Retype the full listing without altering anything.

=== Section Start ===

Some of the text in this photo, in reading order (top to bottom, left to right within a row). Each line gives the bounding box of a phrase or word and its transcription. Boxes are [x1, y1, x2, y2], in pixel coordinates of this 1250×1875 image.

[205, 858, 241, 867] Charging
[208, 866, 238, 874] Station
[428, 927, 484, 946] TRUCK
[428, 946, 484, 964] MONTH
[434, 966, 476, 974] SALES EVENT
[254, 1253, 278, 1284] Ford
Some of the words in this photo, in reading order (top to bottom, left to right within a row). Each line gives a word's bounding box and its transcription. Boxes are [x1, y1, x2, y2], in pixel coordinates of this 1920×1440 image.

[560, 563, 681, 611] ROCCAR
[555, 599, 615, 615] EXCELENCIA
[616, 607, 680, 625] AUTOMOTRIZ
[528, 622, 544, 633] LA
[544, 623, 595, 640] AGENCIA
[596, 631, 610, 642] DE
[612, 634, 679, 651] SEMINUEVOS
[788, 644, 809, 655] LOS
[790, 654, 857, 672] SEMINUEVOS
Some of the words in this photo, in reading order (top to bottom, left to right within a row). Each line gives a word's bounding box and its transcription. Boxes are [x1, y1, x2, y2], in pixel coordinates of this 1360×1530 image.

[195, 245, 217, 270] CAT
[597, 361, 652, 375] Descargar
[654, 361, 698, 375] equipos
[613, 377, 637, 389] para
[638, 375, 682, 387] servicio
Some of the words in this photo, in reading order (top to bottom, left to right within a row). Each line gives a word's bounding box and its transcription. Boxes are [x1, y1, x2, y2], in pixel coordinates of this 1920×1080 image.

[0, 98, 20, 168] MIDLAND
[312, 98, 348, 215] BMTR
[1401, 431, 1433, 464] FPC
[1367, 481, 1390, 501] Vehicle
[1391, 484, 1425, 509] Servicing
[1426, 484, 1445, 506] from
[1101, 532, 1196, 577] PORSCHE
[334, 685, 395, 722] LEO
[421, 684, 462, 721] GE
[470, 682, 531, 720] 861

=== Section End ===

_Your solution_
Some of the text in this photo, in reading order (top to bottom, left to right within a row). Each line gives the bounding box of a phrase or word and its transcription. Boxes are [x1, y1, x2, y2], in pixel coordinates of this 1250×1875 image.

[205, 858, 241, 867] Charging
[208, 866, 238, 874] Station
[428, 927, 484, 946] TRUCK
[428, 946, 484, 964] MONTH
[434, 966, 476, 974] SALES EVENT
[254, 1253, 278, 1284] Ford
Some of the words in this photo, in reading order (top to bottom, left to right within a row). Each line gives a word's bounding box and its transcription. Boxes are [x1, y1, x2, y2], in pixel coordinates of this 1920×1440 image.

[560, 563, 681, 611] ROCCAR
[555, 599, 615, 615] EXCELENCIA
[616, 607, 680, 625] AUTOMOTRIZ
[528, 622, 544, 633] LA
[544, 623, 595, 640] AGENCIA
[596, 631, 610, 642] DE
[612, 634, 679, 651] SEMINUEVOS
[788, 644, 809, 655] LOS
[790, 654, 857, 672] SEMINUEVOS
Some of the words in this photo, in reading order (top to bottom, left to right within a row). Each line gives a word's bounding box and its transcription. Boxes are [x1, y1, x2, y2], in pixel coordinates of this 1360×1530 image.

[195, 245, 217, 270] CAT
[597, 361, 652, 375] Descargar
[654, 361, 698, 375] equipos
[613, 377, 637, 389] para
[638, 375, 682, 387] servicio
Some of the words in this photo, in reading order (top to bottom, left to right within a row). Each line gives a word's bounding box and its transcription. Boxes are [x1, y1, x2, y2], in pixel coordinates of this 1920×1080 image.

[0, 98, 20, 168] MIDLAND
[312, 98, 348, 215] BMTR
[1401, 431, 1433, 464] FPC
[1367, 481, 1390, 501] Vehicle
[1391, 484, 1425, 509] Servicing
[1426, 484, 1445, 506] from
[1101, 532, 1196, 577] PORSCHE
[334, 685, 395, 722] LEO
[421, 684, 462, 721] GE
[470, 682, 531, 720] 861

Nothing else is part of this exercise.